▶ _AIM OF THE TASK_
The response should be an exact repetition of all the entries.
[Start of Attachment]
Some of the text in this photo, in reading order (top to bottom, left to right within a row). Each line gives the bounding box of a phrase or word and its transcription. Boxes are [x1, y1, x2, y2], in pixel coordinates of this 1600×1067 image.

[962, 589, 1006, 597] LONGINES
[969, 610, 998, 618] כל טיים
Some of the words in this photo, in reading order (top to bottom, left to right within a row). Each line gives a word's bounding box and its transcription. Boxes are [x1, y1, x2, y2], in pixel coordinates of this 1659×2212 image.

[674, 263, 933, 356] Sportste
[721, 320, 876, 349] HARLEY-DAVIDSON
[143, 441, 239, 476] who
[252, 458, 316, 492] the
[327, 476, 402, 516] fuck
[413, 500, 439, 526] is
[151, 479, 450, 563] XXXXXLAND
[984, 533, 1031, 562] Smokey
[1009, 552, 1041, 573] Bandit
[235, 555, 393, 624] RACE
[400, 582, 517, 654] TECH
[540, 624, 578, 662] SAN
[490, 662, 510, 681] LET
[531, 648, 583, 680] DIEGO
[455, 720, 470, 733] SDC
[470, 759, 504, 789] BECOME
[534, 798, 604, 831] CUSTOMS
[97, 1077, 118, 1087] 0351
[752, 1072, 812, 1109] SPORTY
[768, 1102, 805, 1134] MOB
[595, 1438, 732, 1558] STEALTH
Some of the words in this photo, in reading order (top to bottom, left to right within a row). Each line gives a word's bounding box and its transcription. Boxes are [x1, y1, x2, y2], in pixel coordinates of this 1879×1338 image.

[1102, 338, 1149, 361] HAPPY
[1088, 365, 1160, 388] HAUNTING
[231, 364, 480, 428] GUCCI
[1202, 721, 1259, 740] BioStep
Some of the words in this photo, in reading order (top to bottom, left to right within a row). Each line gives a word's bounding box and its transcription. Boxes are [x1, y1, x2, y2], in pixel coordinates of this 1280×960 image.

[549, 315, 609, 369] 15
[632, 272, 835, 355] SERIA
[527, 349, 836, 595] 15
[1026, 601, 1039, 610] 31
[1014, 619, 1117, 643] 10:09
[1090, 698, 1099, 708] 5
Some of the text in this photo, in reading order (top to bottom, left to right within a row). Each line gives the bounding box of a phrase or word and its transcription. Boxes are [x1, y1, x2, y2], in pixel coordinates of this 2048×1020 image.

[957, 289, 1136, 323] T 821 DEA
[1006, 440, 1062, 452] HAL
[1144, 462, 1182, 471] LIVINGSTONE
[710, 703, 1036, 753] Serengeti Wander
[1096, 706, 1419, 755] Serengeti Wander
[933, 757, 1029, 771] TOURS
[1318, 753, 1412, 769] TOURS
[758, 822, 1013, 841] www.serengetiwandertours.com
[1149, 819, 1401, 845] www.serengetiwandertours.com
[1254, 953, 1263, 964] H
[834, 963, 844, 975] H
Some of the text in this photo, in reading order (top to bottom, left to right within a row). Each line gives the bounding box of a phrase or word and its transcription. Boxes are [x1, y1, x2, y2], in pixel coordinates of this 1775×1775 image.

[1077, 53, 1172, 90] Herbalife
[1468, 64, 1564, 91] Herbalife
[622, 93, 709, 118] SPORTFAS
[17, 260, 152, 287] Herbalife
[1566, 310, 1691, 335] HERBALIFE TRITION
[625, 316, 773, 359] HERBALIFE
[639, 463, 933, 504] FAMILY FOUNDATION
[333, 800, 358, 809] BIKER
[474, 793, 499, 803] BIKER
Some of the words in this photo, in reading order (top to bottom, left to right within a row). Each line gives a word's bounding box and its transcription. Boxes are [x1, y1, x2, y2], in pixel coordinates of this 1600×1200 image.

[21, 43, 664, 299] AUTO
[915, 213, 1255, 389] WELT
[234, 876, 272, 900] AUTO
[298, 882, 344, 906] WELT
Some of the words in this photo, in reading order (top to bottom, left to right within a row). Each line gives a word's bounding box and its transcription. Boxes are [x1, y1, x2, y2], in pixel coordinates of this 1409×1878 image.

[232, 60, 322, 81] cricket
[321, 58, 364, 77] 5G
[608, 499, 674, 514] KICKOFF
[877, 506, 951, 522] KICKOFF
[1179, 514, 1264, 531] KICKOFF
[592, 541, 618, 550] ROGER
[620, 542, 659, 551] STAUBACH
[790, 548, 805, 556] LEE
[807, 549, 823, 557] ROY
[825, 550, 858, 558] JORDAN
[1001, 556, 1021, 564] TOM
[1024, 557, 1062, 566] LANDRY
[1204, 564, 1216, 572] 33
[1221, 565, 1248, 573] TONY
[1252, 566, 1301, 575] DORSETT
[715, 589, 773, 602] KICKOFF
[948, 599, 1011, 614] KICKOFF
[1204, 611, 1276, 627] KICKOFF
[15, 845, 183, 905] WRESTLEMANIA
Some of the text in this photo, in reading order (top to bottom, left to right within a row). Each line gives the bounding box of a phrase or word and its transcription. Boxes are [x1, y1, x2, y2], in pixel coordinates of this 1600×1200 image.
[End of Attachment]
▶ _SOLUTION_
Some of the text in this photo, in reading order (top to bottom, left to right within a row). Each line gives the bounding box of a phrase or word and its transcription. Boxes are [x1, y1, x2, y2], in pixel coordinates of this 1600×1067 image.

[962, 589, 1006, 597] LONGINES
[969, 610, 998, 618] כל טיים
Some of the words in this photo, in reading order (top to bottom, left to right within a row). Each line gives a word's bounding box and its transcription. Boxes are [x1, y1, x2, y2], in pixel coordinates of this 1659×2212 image.

[674, 263, 933, 356] Sportste
[721, 320, 876, 349] HARLEY-DAVIDSON
[143, 441, 239, 476] who
[252, 458, 316, 492] the
[327, 476, 402, 516] fuck
[413, 500, 439, 526] is
[151, 479, 450, 563] XXXXXLAND
[984, 533, 1031, 562] Smokey
[1009, 552, 1041, 573] Bandit
[235, 555, 393, 624] RACE
[400, 582, 517, 654] TECH
[540, 624, 578, 662] SAN
[490, 662, 510, 681] LET
[531, 648, 583, 680] DIEGO
[455, 720, 470, 733] SDC
[470, 759, 504, 789] BECOME
[534, 798, 604, 831] CUSTOMS
[97, 1077, 118, 1087] 0351
[752, 1072, 812, 1109] SPORTY
[768, 1102, 805, 1134] MOB
[595, 1438, 732, 1558] STEALTH
Some of the words in this photo, in reading order (top to bottom, left to right within a row). Each line gives a word's bounding box and its transcription. Boxes are [x1, y1, x2, y2], in pixel coordinates of this 1879×1338 image.

[1102, 338, 1149, 361] HAPPY
[1088, 365, 1160, 388] HAUNTING
[231, 364, 480, 428] GUCCI
[1202, 721, 1259, 740] BioStep
Some of the words in this photo, in reading order (top to bottom, left to right within a row). Each line gives a word's bounding box and its transcription. Boxes are [x1, y1, x2, y2], in pixel coordinates of this 1280×960 image.

[549, 315, 609, 369] 15
[632, 272, 835, 355] SERIA
[527, 349, 836, 595] 15
[1026, 601, 1039, 610] 31
[1014, 619, 1117, 643] 10:09
[1090, 698, 1099, 708] 5
Some of the text in this photo, in reading order (top to bottom, left to right within a row). Each line gives the bounding box of a phrase or word and its transcription. Boxes are [x1, y1, x2, y2], in pixel coordinates of this 2048×1020 image.

[957, 289, 1136, 323] T 821 DEA
[1006, 440, 1062, 452] HAL
[1144, 462, 1182, 471] LIVINGSTONE
[710, 703, 1036, 753] Serengeti Wander
[1096, 706, 1419, 755] Serengeti Wander
[933, 757, 1029, 771] TOURS
[1318, 753, 1412, 769] TOURS
[758, 822, 1013, 841] www.serengetiwandertours.com
[1149, 819, 1401, 845] www.serengetiwandertours.com
[1254, 953, 1263, 964] H
[834, 963, 844, 975] H
Some of the text in this photo, in reading order (top to bottom, left to right within a row). Each line gives the bounding box of a phrase or word and its transcription. Boxes are [x1, y1, x2, y2], in pixel coordinates of this 1775×1775 image.

[1077, 53, 1172, 90] Herbalife
[1468, 64, 1564, 91] Herbalife
[622, 93, 709, 118] SPORTFAS
[17, 260, 152, 287] Herbalife
[1566, 310, 1691, 335] HERBALIFE TRITION
[625, 316, 773, 359] HERBALIFE
[639, 463, 933, 504] FAMILY FOUNDATION
[333, 800, 358, 809] BIKER
[474, 793, 499, 803] BIKER
Some of the words in this photo, in reading order (top to bottom, left to right within a row). Each line gives a word's bounding box and its transcription. Boxes are [x1, y1, x2, y2], in pixel coordinates of this 1600×1200 image.

[21, 43, 664, 299] AUTO
[915, 213, 1255, 389] WELT
[234, 876, 272, 900] AUTO
[298, 882, 344, 906] WELT
Some of the words in this photo, in reading order (top to bottom, left to right within a row). Each line gives a word's bounding box and its transcription. Boxes are [x1, y1, x2, y2], in pixel coordinates of this 1409×1878 image.

[232, 60, 322, 81] cricket
[321, 58, 364, 77] 5G
[608, 499, 674, 514] KICKOFF
[877, 506, 951, 522] KICKOFF
[1179, 514, 1264, 531] KICKOFF
[592, 541, 618, 550] ROGER
[620, 542, 659, 551] STAUBACH
[790, 548, 805, 556] LEE
[807, 549, 823, 557] ROY
[825, 550, 858, 558] JORDAN
[1001, 556, 1021, 564] TOM
[1024, 557, 1062, 566] LANDRY
[1204, 564, 1216, 572] 33
[1221, 565, 1248, 573] TONY
[1252, 566, 1301, 575] DORSETT
[715, 589, 773, 602] KICKOFF
[948, 599, 1011, 614] KICKOFF
[1204, 611, 1276, 627] KICKOFF
[15, 845, 183, 905] WRESTLEMANIA
Some of the text in this photo, in reading order (top to bottom, left to right within a row). Each line gives the bounding box of a phrase or word and its transcription. Boxes are [x1, y1, x2, y2], in pixel coordinates of this 1600×1200 image.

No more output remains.